Showing posts with label worship. Show all posts
Showing posts with label worship. Show all posts

Tuesday, January 24, 2012

The Sorting of Life Stuff

Mental slates, etched with lists—projects imposed from within, partnerships of giving, deadlines and logistics from without—the red tape and brown earth that define our waking hours and the labour of our hands. This is where I’ve been writing, been scratching, been wanting to cross out and wipe off. Big items: large because of their unknown daunting workload; avoided items: procrastinated because the labour measurement is known, and dreaded—these things mark the back wall of my mind.

So, I’ve been piddling. These little things and big things and concrete things that need doing, they’re boring, known, un-thrilling. They’re the stuff of normal life.

I never considered myself a procrastinator, because I am always busy with one thing or another, and a busy day is a worthwhile day, right? If motion is constant, surely it is better than stagnation. But this nagging shadow creeps across the sunshine of my long work days: what if the things you are doing are keeping you from the things you should be doing?

What if all the fluttering is because I’m afraid of the narrowing demanded by single focus? I know enough of my jack-in-the-box tendencies, after all, I’m one of those multi-tasking people: highly efficient, and thus, highly desired. Aren’t I? Am I? Is that who I want to be?

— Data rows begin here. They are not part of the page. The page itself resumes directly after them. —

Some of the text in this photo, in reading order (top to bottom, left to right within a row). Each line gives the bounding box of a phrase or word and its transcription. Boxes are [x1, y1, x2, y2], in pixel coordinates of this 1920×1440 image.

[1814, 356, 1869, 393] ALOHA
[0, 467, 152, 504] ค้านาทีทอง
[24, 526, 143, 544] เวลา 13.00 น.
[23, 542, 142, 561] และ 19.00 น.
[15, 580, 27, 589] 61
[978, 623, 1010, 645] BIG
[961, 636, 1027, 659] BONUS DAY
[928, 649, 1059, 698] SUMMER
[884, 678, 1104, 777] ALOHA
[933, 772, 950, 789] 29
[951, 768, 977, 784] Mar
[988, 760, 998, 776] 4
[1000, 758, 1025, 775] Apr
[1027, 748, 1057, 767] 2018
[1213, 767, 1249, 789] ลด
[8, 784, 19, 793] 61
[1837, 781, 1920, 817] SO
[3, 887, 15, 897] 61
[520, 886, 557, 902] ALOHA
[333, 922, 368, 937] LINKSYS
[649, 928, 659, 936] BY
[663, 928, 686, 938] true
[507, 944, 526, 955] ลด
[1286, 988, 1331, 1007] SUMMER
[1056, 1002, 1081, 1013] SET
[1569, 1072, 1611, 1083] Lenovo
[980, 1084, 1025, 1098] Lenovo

And I think of the sisters who lived and laboured together in dusty, oppressively-hot Israel. The one scurried and hustled: so efficient, pristine in her domesticity; but inside, she ached for more. She took offense when her younger sister could just sit and do nothing . . . she’d worked all her life to get to a place where there was nothing to do, but could never achieve it. The struggle ripped her to shreds, so she didn’t know whether she was coming or going, fighting against what she wanted the most, afraid to release her own ridiculous ideals of herself. If she stopped, would Mary pick up the pieces? No, she would stay sitting, and let the house fall down.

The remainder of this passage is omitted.